Guide · Debugging

MCP server debugging

Debugging an MCP server is harder than debugging a REST API because failures happen at four independent layers — transport (TCP/TLS), HTTP, MCP protocol, and tool execution — and a failure at any layer looks similar from the outside: the AI agent can't complete its request. The standard REST debugging workflow (open Chrome DevTools, look at the network tab) doesn't apply to a JSON-RPC-over-SSE protocol. You need layer-specific tools: the MCP Inspector for local development, protocol-level message logging for session diagnosis, structured log queries for production, and the AliveMCP probe history to understand which layer failed and when.

TL;DR

For local development: use MCP Inspector (npx @modelcontextprotocol/inspector) to interactively call your server's tools and inspect the raw JSON-RPC messages. For protocol-layer debugging: enable the MCP SDK's built-in transport logging with DEBUG=mcp:*. For production: query structured logs by session_id to trace a full session, filter by error_code to find failure patterns, and read the AliveMCP probe history to identify which layer failed first. The probe history gives you MTTD (when did it break?) and layer attribution (transport vs HTTP vs initialize vs tools/list) that logs alone can't provide.

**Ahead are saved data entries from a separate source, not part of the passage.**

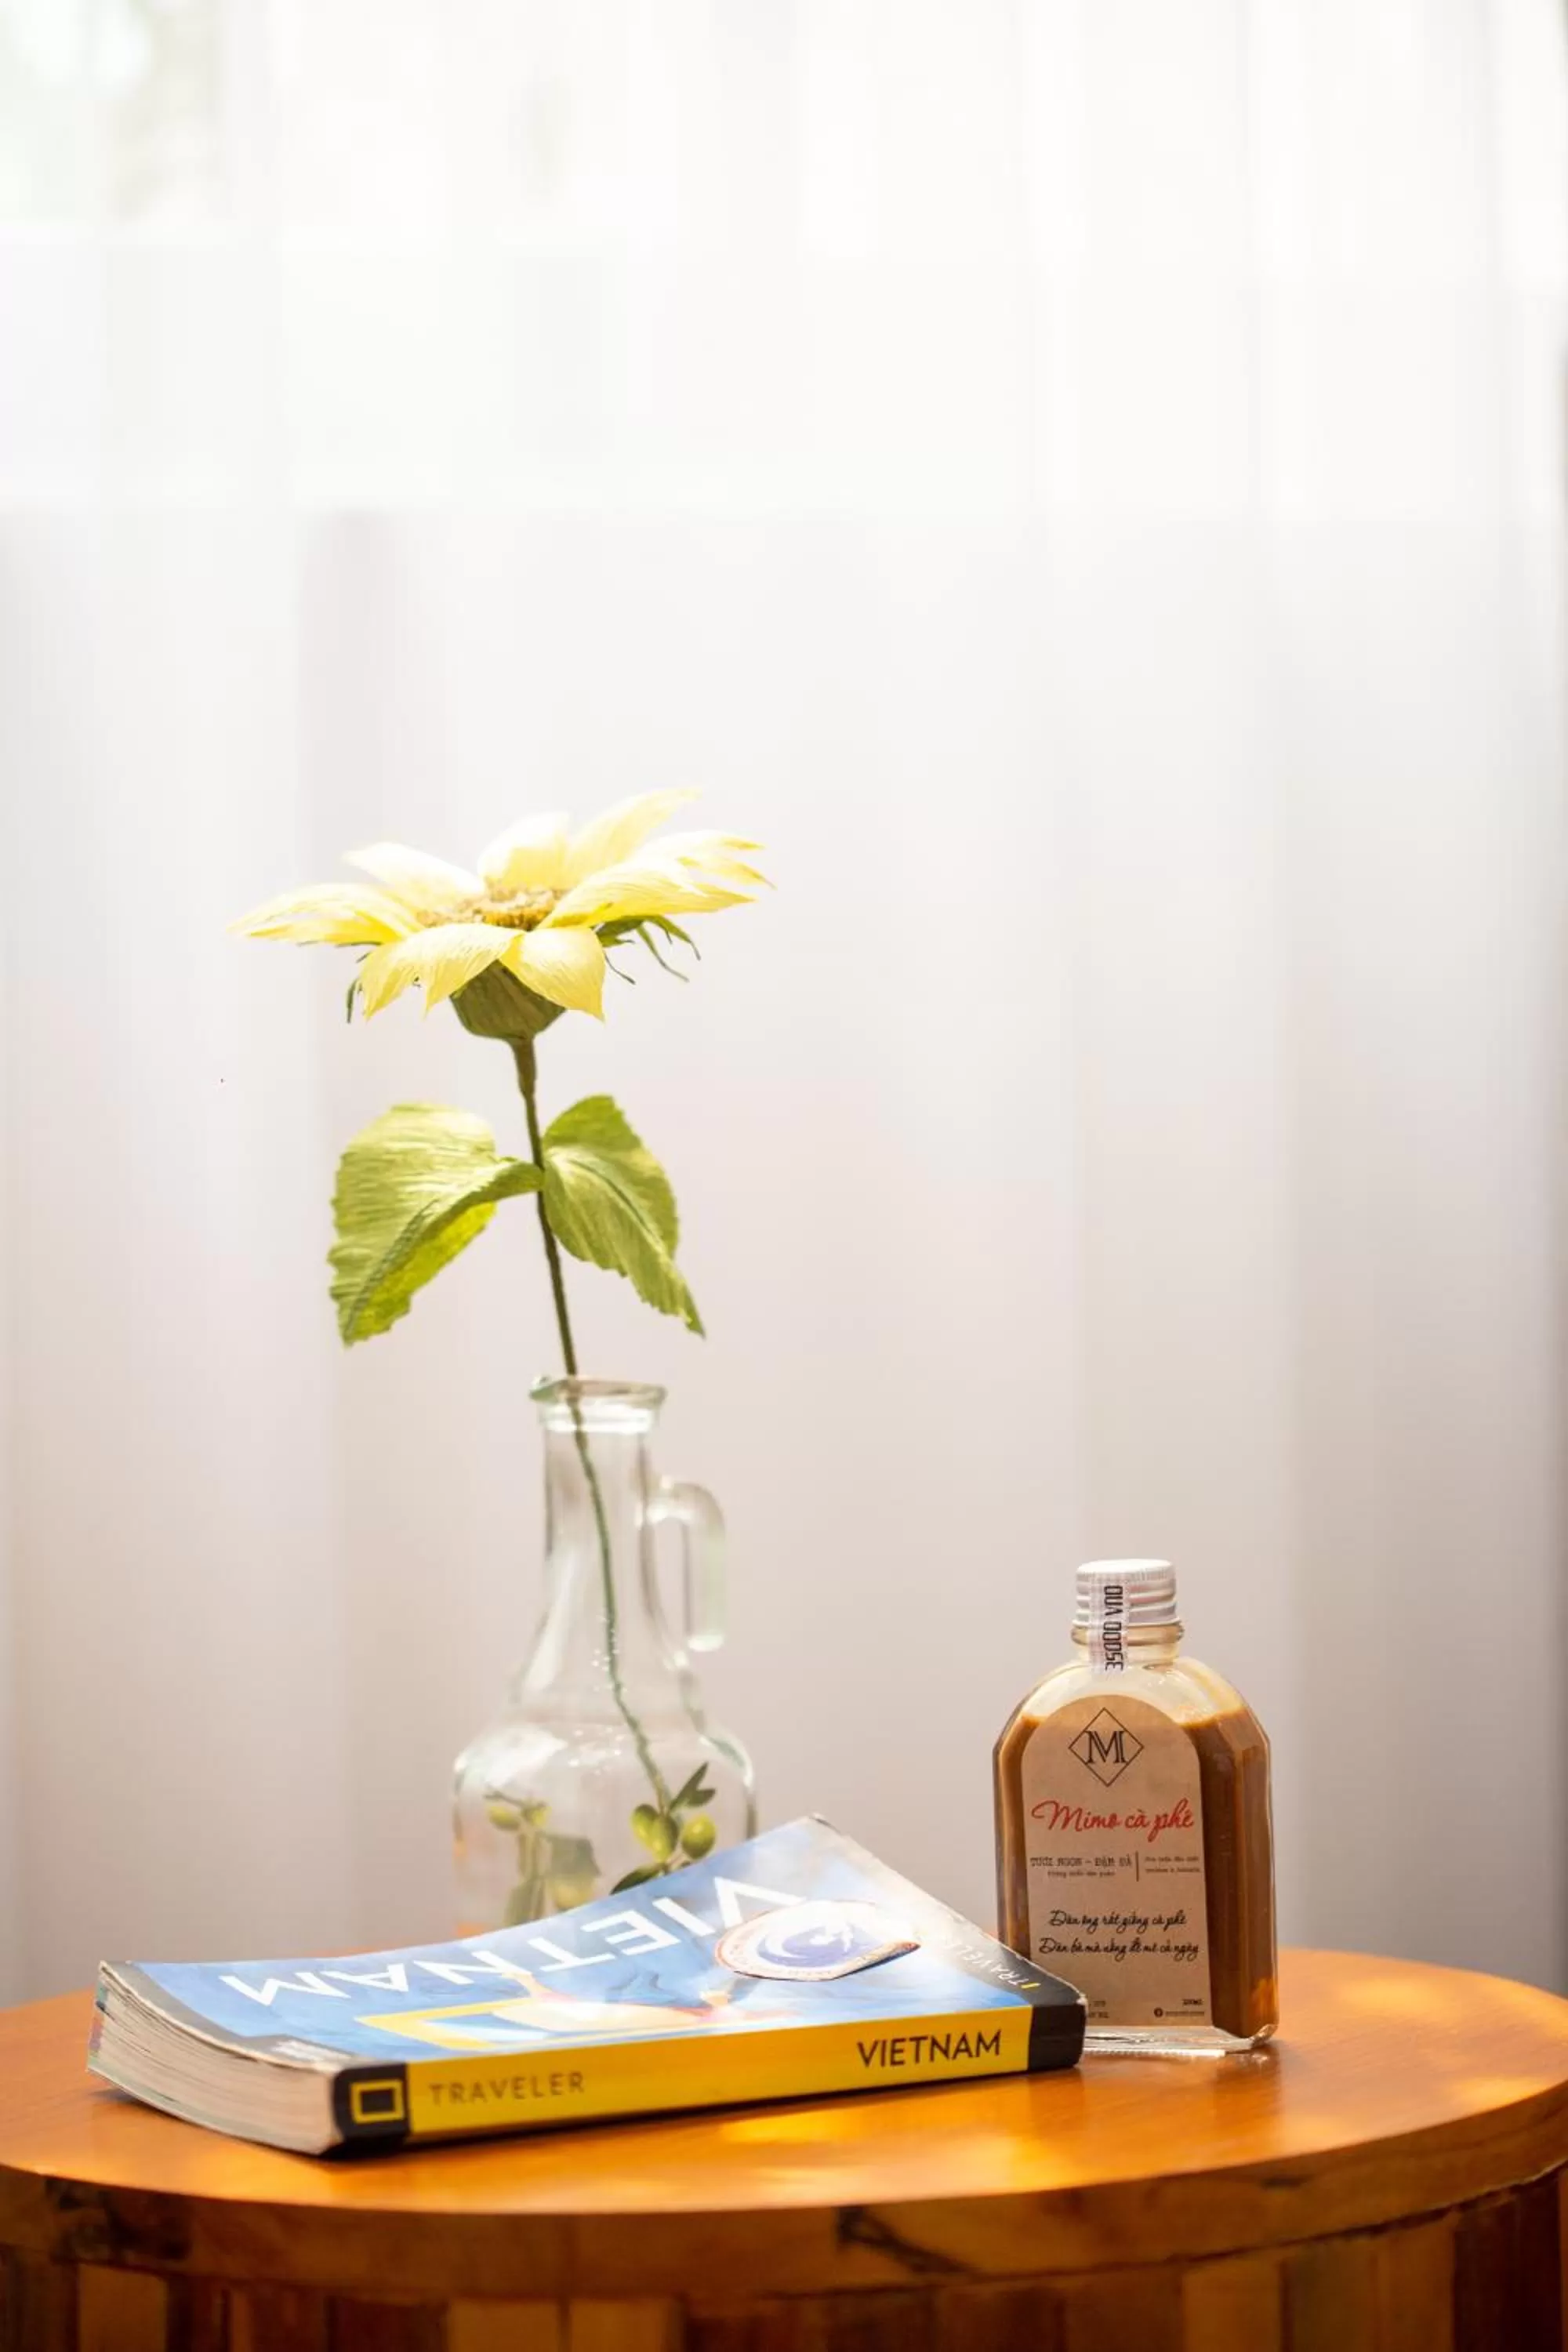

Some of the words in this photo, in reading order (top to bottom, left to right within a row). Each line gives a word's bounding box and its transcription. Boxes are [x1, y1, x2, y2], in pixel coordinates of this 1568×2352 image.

[1103, 1584, 1123, 1617] VND
[1102, 1621, 1123, 1671] 35000
[1031, 1800, 1120, 1832] Mimo
[1124, 1809, 1150, 1829] cà
[219, 1875, 808, 2007] VIETNAM
[857, 2029, 1002, 2069] VIETNAM
[429, 2071, 586, 2106] TRAVELER

MCP Inspector for local debugging

The official MCP Inspector is the fastest way to test your server locally. It's a browser-based UI that connects to your server, runs the full MCP session lifecycle, and lets you call tools interactively with a form interface:

# Install and run against your local server
npx @modelcontextprotocol/inspector http://localhost:3001/mcp

# For stdio servers:
npx @modelcontextprotocol/inspector node /path/to/your/server.js

The Inspector shows you the raw JSON-RPC messages for every request and response, which is essential for debugging protocol compliance issues. If your server returns an initialize response that's missing the capabilities field, you'll see it immediately in the message pane — the same field that AliveMCP's production probe validates. The Inspector's tool call form also shows you the exact inputSchema your server advertises, which is useful for catching schema drift before running a tools/list snapshot comparison.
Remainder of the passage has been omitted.